### WHAT YOU WILL DO
Keep every word the same. Repeat the records without their images.

Annotated photo localization data
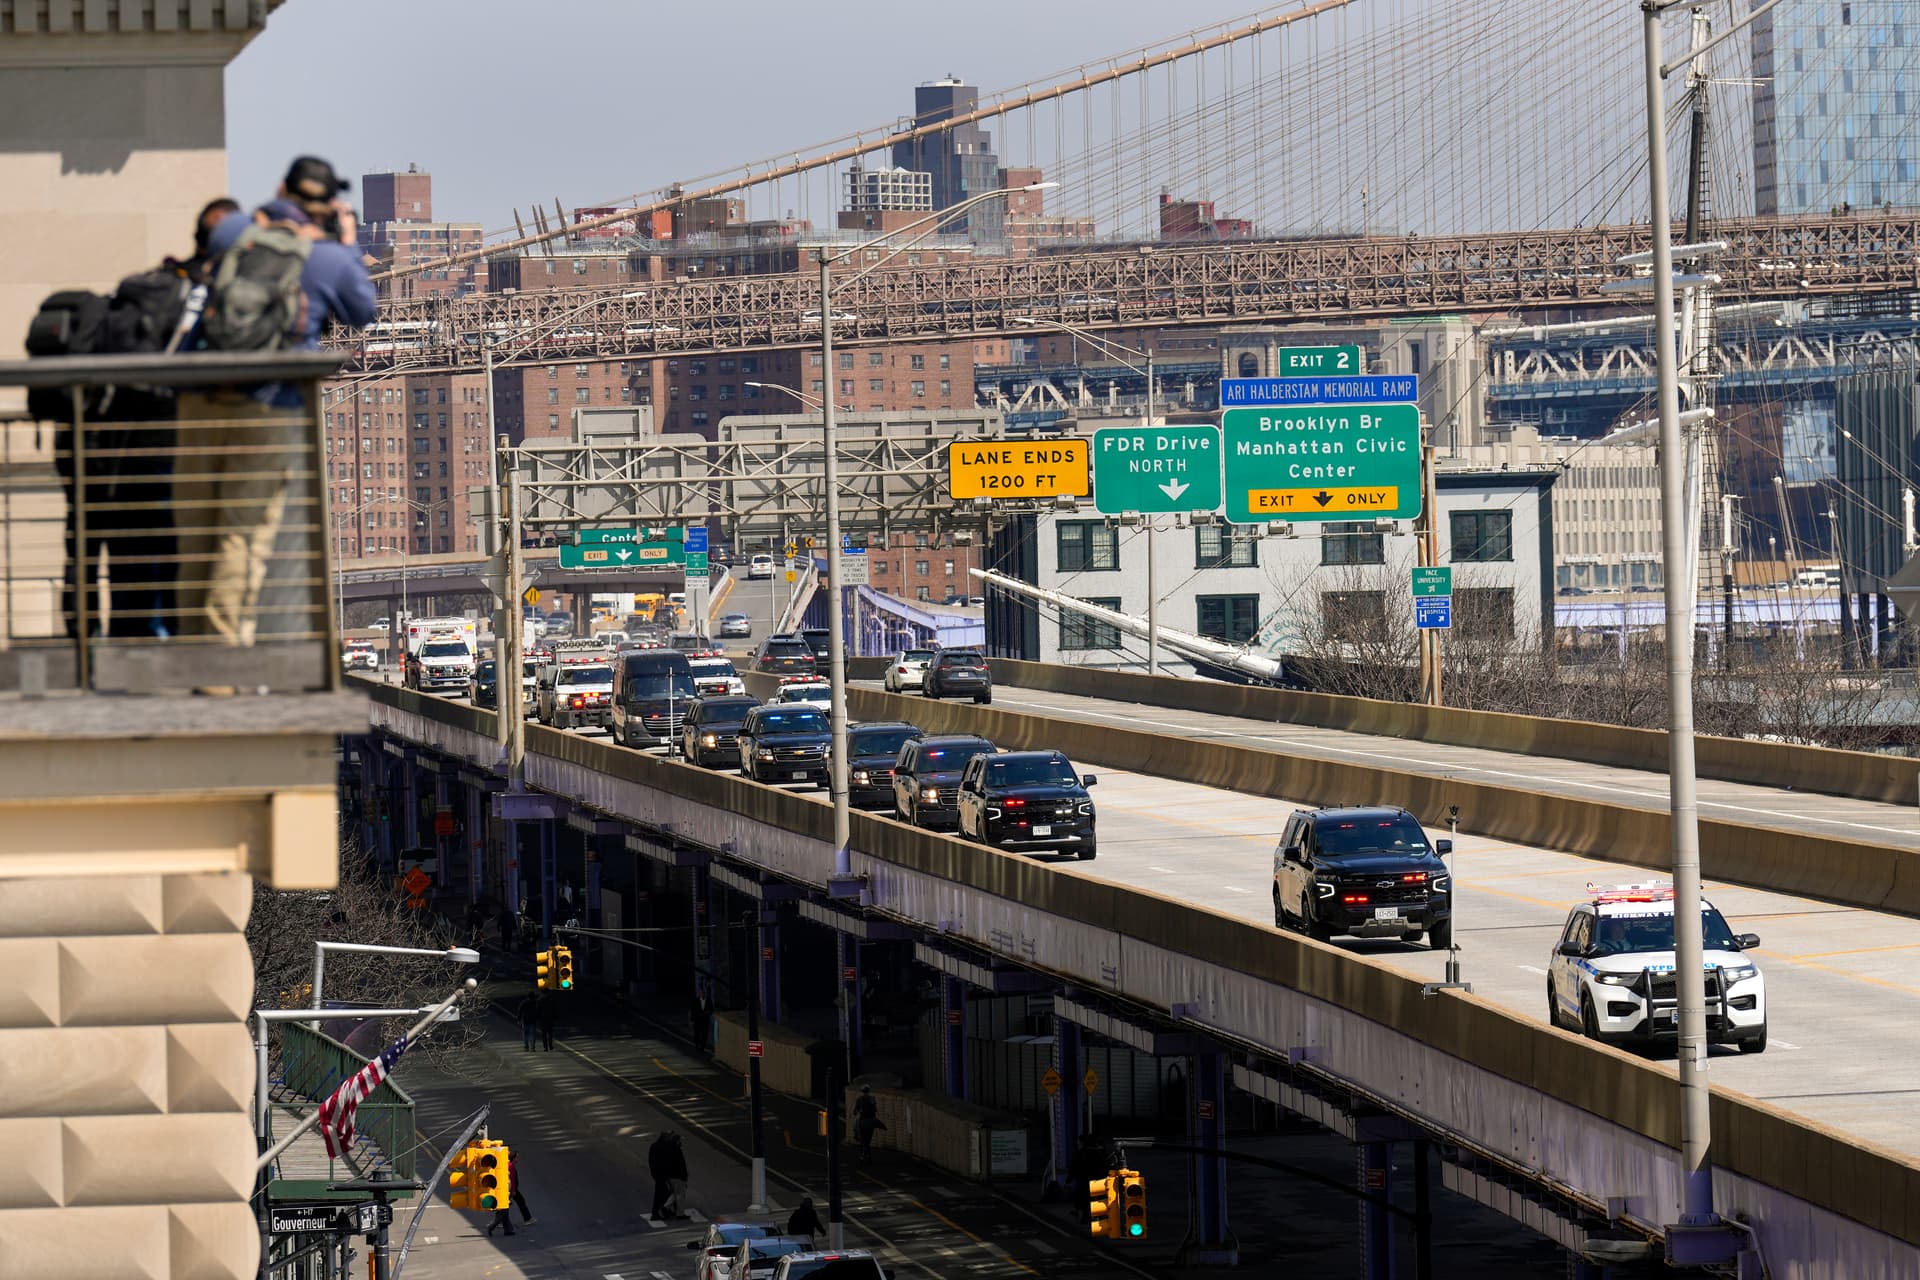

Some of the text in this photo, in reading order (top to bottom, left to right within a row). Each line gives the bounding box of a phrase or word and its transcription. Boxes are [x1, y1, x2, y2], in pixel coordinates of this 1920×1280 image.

[1290, 352, 1349, 369] EXIT 2
[1227, 381, 1412, 400] ARI HALBERSTAM MEMORIAL RAMP
[1260, 414, 1382, 433] Brooklyn Br
[1103, 436, 1210, 452] FDR Drive
[1237, 437, 1407, 456] Manhattan Civic
[961, 450, 1075, 465] LANE ENDS
[1129, 459, 1187, 473] NORTH
[1289, 463, 1356, 479] Center
[980, 475, 1057, 489] 1200 FT
[1259, 493, 1386, 507] EXIT ONLY
[587, 550, 664, 560] EXIT ONLY
[1611, 911, 1660, 919] HIGHWAY
[273, 1216, 327, 1231] Gouverneur

### OUTPUT BELOW
Some of the text in this photo, in reading order (top to bottom, left to right within a row). Each line gives the bounding box of a phrase or word and its transcription. Boxes are [x1, y1, x2, y2], in pixel coordinates of this 1920×1280 image.

[1290, 352, 1349, 369] EXIT 2
[1227, 381, 1412, 400] ARI HALBERSTAM MEMORIAL RAMP
[1260, 414, 1382, 433] Brooklyn Br
[1103, 436, 1210, 452] FDR Drive
[1237, 437, 1407, 456] Manhattan Civic
[961, 450, 1075, 465] LANE ENDS
[1129, 459, 1187, 473] NORTH
[1289, 463, 1356, 479] Center
[980, 475, 1057, 489] 1200 FT
[1259, 493, 1386, 507] EXIT ONLY
[587, 550, 664, 560] EXIT ONLY
[1611, 911, 1660, 919] HIGHWAY
[273, 1216, 327, 1231] Gouverneur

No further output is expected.